L’attenzione della politica, oggi, è concentrata sulla disumana condizione dei carcerati e, di conseguenza, su strumenti eccezionali per fronteggiare una situazione ritenuta eccezionale. Tuttavia, l’inadeguatezza del sistema dell’esecuzione penale è strutturale, e l’attuale organizzazione penitenziaria è palesemente in contrasto coi principi costituzionali. Una riforma di sistema da dove dovrebbe partire?

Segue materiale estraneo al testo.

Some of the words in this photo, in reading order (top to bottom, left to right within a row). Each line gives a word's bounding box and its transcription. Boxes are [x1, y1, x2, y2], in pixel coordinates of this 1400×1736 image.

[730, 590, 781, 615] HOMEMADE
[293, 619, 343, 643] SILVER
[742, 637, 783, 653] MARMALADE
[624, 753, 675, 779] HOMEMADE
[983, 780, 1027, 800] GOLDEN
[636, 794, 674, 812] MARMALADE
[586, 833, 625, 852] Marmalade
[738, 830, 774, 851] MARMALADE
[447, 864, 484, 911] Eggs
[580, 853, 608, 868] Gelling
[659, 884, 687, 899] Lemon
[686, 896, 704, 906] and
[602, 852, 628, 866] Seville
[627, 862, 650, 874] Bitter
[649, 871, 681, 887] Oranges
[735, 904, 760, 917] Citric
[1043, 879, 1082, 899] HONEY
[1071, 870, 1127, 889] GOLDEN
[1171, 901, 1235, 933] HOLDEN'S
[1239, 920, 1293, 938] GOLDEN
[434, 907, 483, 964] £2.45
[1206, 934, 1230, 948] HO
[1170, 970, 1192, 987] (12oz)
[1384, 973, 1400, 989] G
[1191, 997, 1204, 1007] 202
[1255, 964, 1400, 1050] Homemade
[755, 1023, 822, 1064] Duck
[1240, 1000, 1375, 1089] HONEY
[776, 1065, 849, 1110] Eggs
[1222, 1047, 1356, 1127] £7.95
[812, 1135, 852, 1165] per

«L’ultimo Decreto carceri parla di umanizzazione del carcere, ma è una finzione. Per i suicidi, per le forme di autolesionismo, c’è bisogno di psicologi, psichiatri, di assistenti sociali e di funzionari giuridici pedagogici. Bisogna aumentare gli assistenti sociali anche nell’Area Penale esterna; in Italia sono 130.000 le persone all’esterno del carcere in misura alternativa. Di queste 24.000 sono in Campania. L’esecuzione della pena è resa inumana e degradante a causa delle carenze strutturali, della mancanza di risorse umane e strumentali adeguate, oltre che di una sproporzione assoluta fra offerta trattamentale e popolazione detentiva. È necessario aumentare le figure d’ascolto».

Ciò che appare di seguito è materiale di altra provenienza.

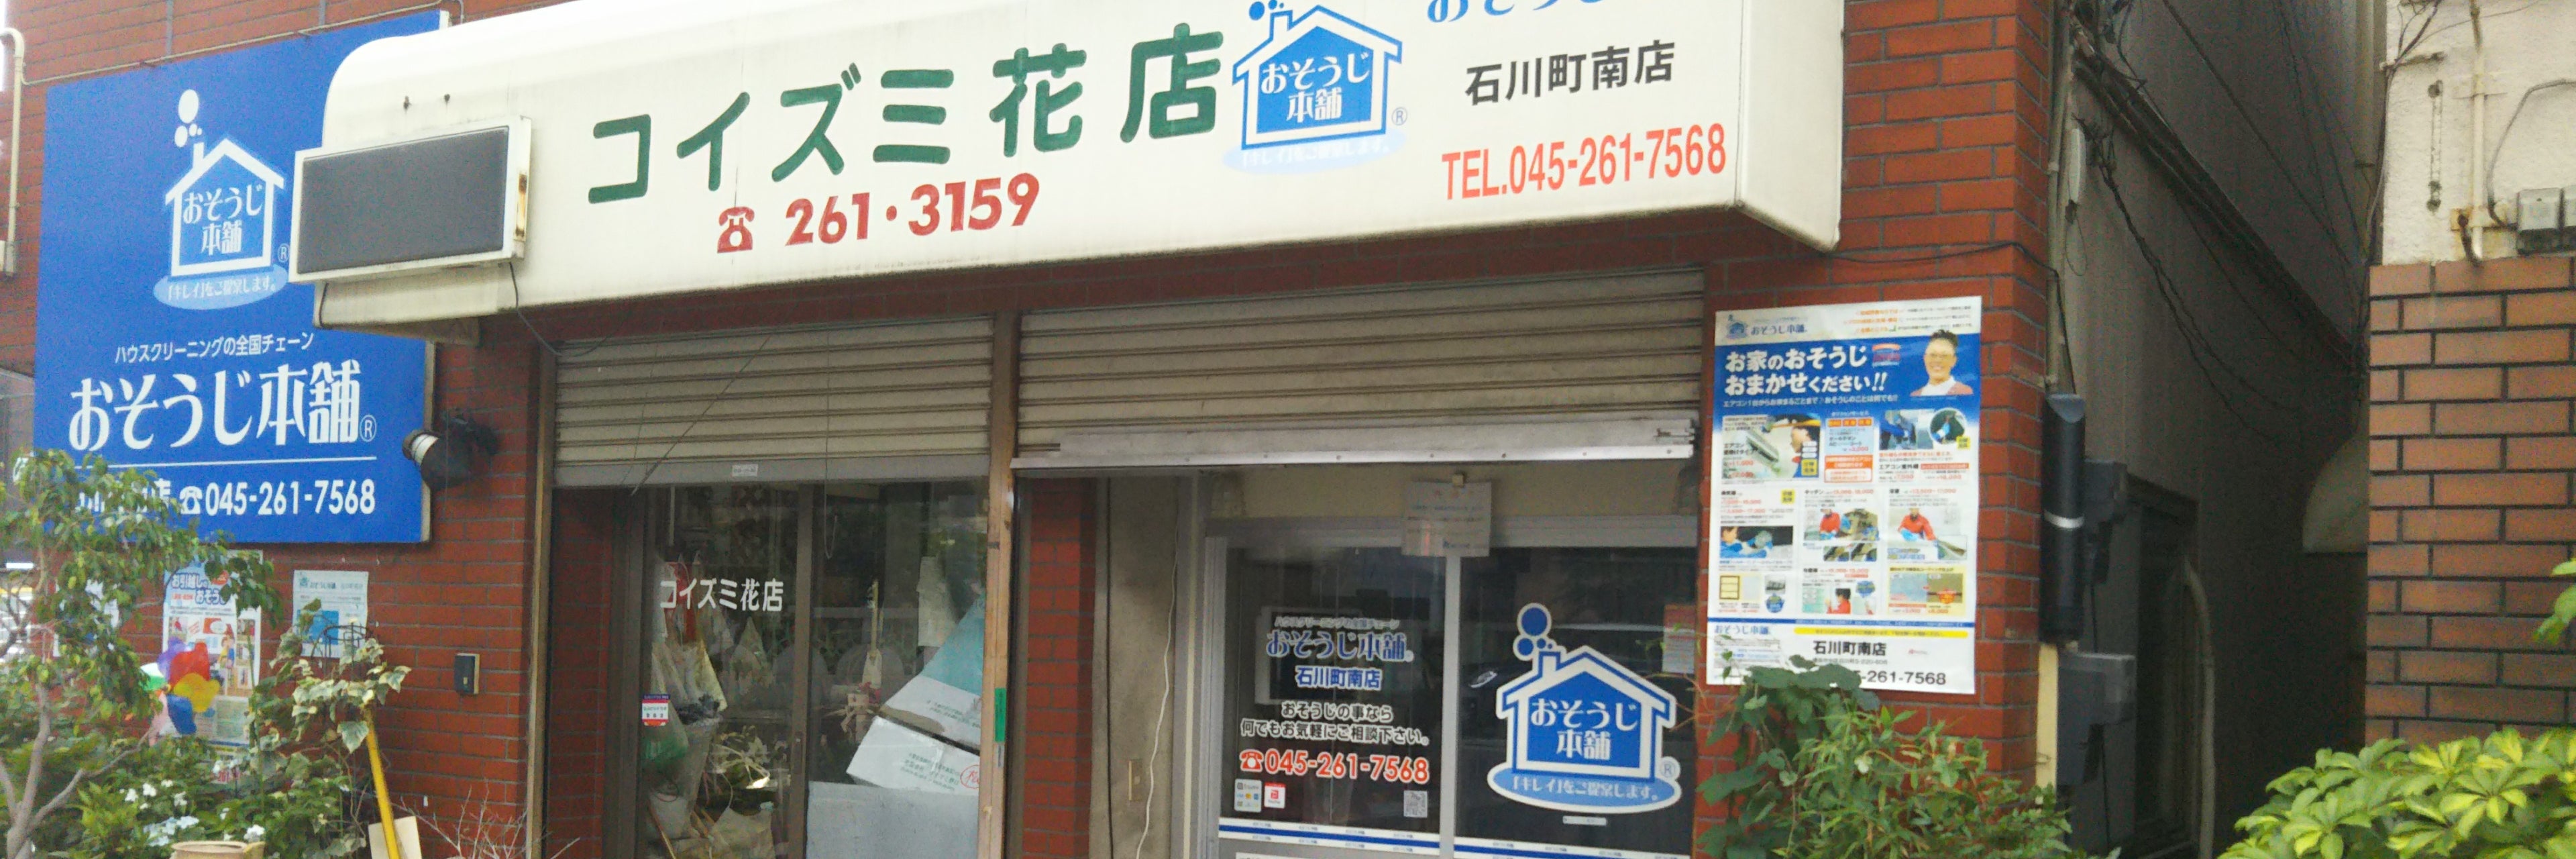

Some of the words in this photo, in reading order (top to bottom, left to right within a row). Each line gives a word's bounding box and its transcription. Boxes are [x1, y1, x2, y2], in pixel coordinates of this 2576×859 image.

[1260, 52, 1370, 94] おそうじ
[1465, 40, 1675, 106] 石川町南店
[588, 23, 1223, 205] コイズミ花店
[1286, 88, 1343, 124] 本舗
[1442, 123, 1727, 200] TEL.045-261-7568
[182, 183, 264, 225] おそうじ
[201, 219, 243, 256] 本舗
[114, 332, 315, 364] ハウスクリーニングの全国チェーン
[1725, 345, 1868, 372] お家のおそうじ
[68, 359, 362, 451] おそうじ本舗
[205, 478, 376, 516] 045-261-7568
[195, 587, 229, 605] おそう
[659, 577, 784, 612] コイズミ花店
[1266, 629, 1407, 661] おそうじ本舗
[1813, 640, 1887, 656] 石川町南店
[1295, 664, 1382, 691] 石川町南店
[1281, 701, 1394, 723] おそうじの事なら
[1530, 698, 1638, 731] おそうじ
[1556, 729, 1611, 760] 本舗
[1265, 749, 1430, 784] 045-261-7568

Il modo di eseguire le pene, e la percezione diffusa della finalità della pena, sono, oggi, incentrati sull’afflittività a scapito della rieducazione. Da dove partire per costruire una coscienza diffusa della necessità, per dovere di giustizia ma anche del concreto interesse generale, di invertire la scala di valori privilegiando la rieducazione rispetto all’afflizione?
«Le condizioni di vivibilità delle nostre carceri che, lungi dal consentire quell’inveramento del volto costituzionale della pena, continuano a tradire i basilari principi costituzionali, europei ed internazionali, su cui si regge lo stato di diritto, e a umiliare continuamente la dignità umana delle persone ristrette. Fondamentale è far sì che il carcere cessi di essere un luogo di “desertificazione affettiva”. Uno Stato che ricorre con troppa disinvoltura alla sanzione penale e alla repressione, non è uno Stato forte ma uno Stato debole. Forte è lo Stato capace di intercettare il disagio sociale, e adottare le misure sociali più opportune a tutela della dignità di tutte le persone, anche e soprattutto in carcere. Per fare ciò, non abbiamo bisogno di nuovi istituti penitenziari, di ulteriori sanzioni penali, di uno Stato securitario, ma di uno Stato sociale che sia sempre presente in carcere e che, attraverso investimenti mirati nelle attività trattamentali (culturali, sportive, ricreative, scolastiche, lavorative), sappia far sì che il tempo della detenzione abbia senso e sia funzionale al reinserimento sociale delle persone, come vuole la nostra Carta costituzionale. A tutela, sempre, della dignità umana».